[[ Material for the task, beginning ]]
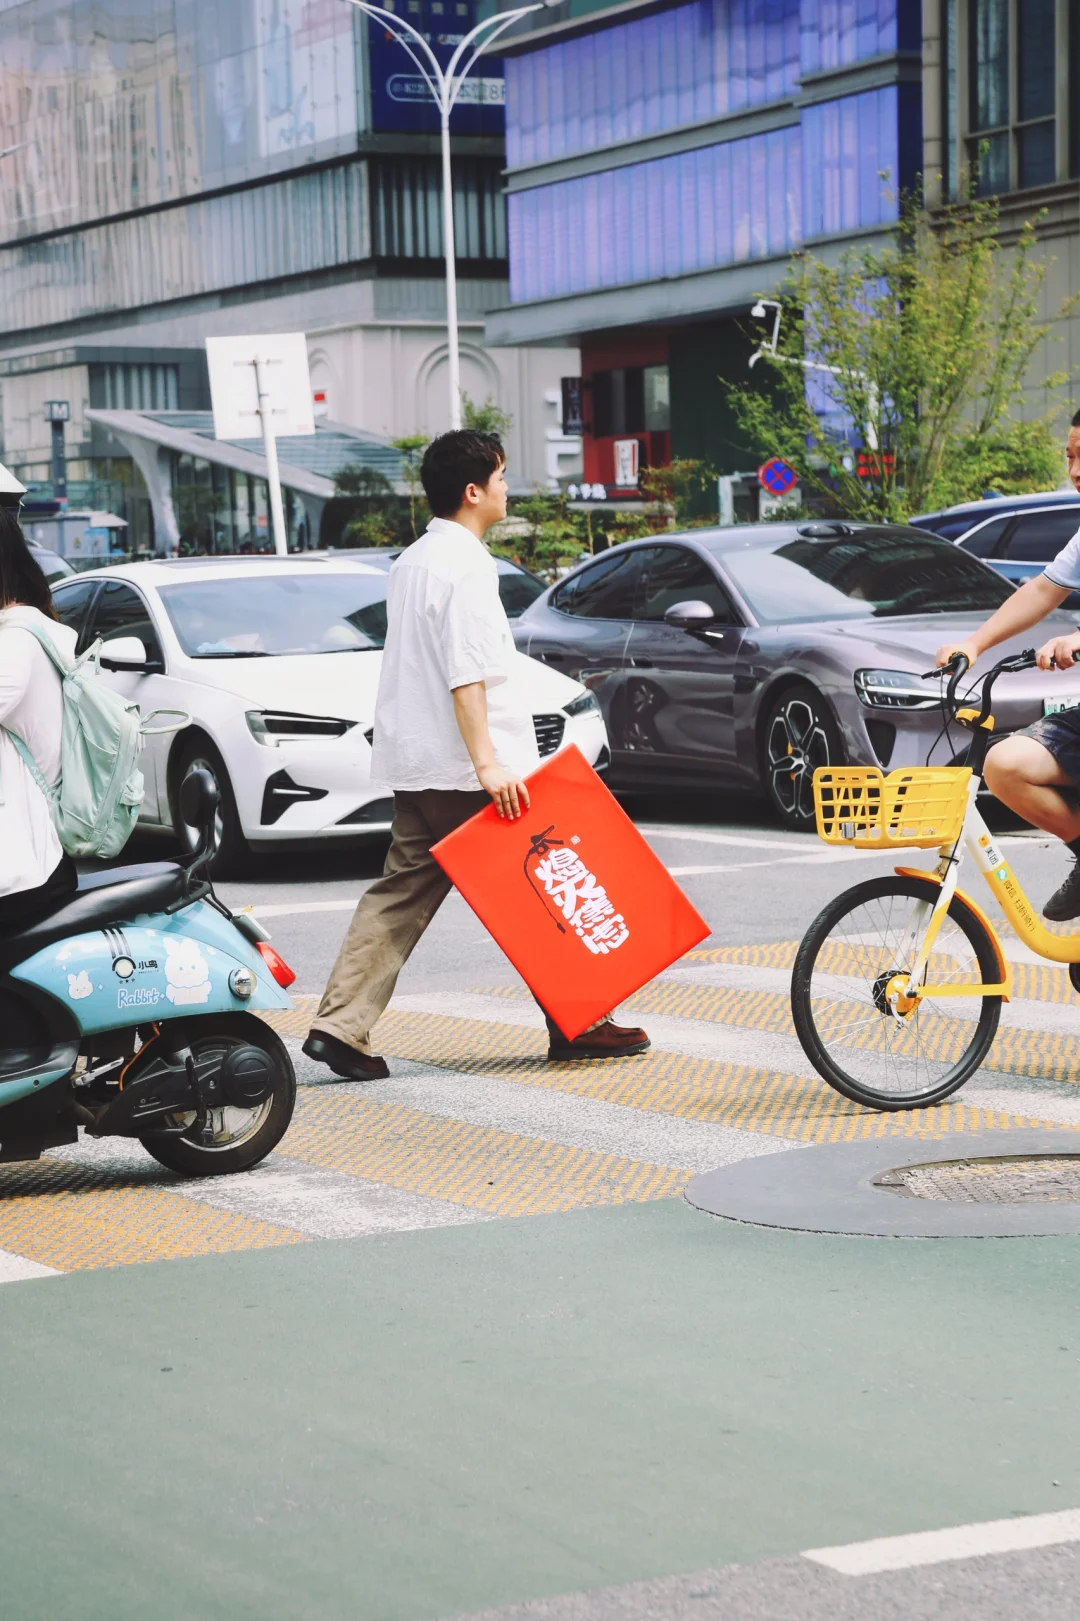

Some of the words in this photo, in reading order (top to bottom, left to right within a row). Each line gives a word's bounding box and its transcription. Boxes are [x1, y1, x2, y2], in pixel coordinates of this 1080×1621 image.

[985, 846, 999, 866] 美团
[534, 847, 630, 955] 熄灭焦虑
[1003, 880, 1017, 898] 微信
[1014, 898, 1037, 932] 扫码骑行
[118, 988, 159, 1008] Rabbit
[[ Material for the task, end ]]
Activity
Can the entries above be repeated exactly, without their pictures?

Solution to the exercise
Some of the words in this photo, in reading order (top to bottom, left to right within a row). Each line gives a word's bounding box and its transcription. Boxes are [x1, y1, x2, y2], in pixel coordinates of this 1080×1621 image.

[985, 846, 999, 866] 美团
[534, 847, 630, 955] 熄灭焦虑
[1003, 880, 1017, 898] 微信
[1014, 898, 1037, 932] 扫码骑行
[118, 988, 159, 1008] Rabbit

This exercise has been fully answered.